**ACTIVITY**.
Your answer should hold exactly the lines from the line containing "this 1900×1425 image." through the end of the entries that follow.

*** Opening DATA FOR ANALYSIS ***

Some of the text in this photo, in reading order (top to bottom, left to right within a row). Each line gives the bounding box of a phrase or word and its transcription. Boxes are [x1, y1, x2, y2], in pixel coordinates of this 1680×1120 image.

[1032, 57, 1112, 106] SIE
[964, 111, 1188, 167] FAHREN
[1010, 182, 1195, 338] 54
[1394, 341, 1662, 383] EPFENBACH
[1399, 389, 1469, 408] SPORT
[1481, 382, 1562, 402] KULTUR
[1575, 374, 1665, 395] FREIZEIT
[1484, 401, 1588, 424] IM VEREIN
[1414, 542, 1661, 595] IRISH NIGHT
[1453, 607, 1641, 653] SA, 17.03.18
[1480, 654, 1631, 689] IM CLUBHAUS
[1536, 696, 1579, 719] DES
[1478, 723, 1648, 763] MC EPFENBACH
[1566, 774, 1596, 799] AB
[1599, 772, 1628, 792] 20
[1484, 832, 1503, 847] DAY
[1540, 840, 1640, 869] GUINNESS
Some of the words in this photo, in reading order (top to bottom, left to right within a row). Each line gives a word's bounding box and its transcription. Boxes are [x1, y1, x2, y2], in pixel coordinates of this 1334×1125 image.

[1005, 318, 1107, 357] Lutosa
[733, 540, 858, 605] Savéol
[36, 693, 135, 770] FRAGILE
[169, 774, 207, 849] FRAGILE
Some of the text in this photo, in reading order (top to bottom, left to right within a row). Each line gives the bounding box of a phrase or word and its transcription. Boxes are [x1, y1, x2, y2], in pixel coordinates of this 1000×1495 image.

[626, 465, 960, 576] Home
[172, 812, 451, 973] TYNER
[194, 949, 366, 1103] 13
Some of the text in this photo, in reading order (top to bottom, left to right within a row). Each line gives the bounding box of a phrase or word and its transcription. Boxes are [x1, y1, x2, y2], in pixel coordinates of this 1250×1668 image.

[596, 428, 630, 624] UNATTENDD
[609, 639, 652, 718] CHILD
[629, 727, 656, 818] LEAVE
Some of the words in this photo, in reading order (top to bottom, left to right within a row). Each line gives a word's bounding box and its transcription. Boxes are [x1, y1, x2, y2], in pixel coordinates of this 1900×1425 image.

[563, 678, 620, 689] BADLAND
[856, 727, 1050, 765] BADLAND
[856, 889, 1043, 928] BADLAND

*** Closing DATA FOR ANALYSIS ***

**EXERCISE OUTPUT**.
Some of the words in this photo, in reading order (top to bottom, left to right within a row). Each line gives a word's bounding box and its transcription. Boxes are [x1, y1, x2, y2], in pixel coordinates of this 1900×1425 image.

[563, 678, 620, 689] BADLAND
[856, 727, 1050, 765] BADLAND
[856, 889, 1043, 928] BADLAND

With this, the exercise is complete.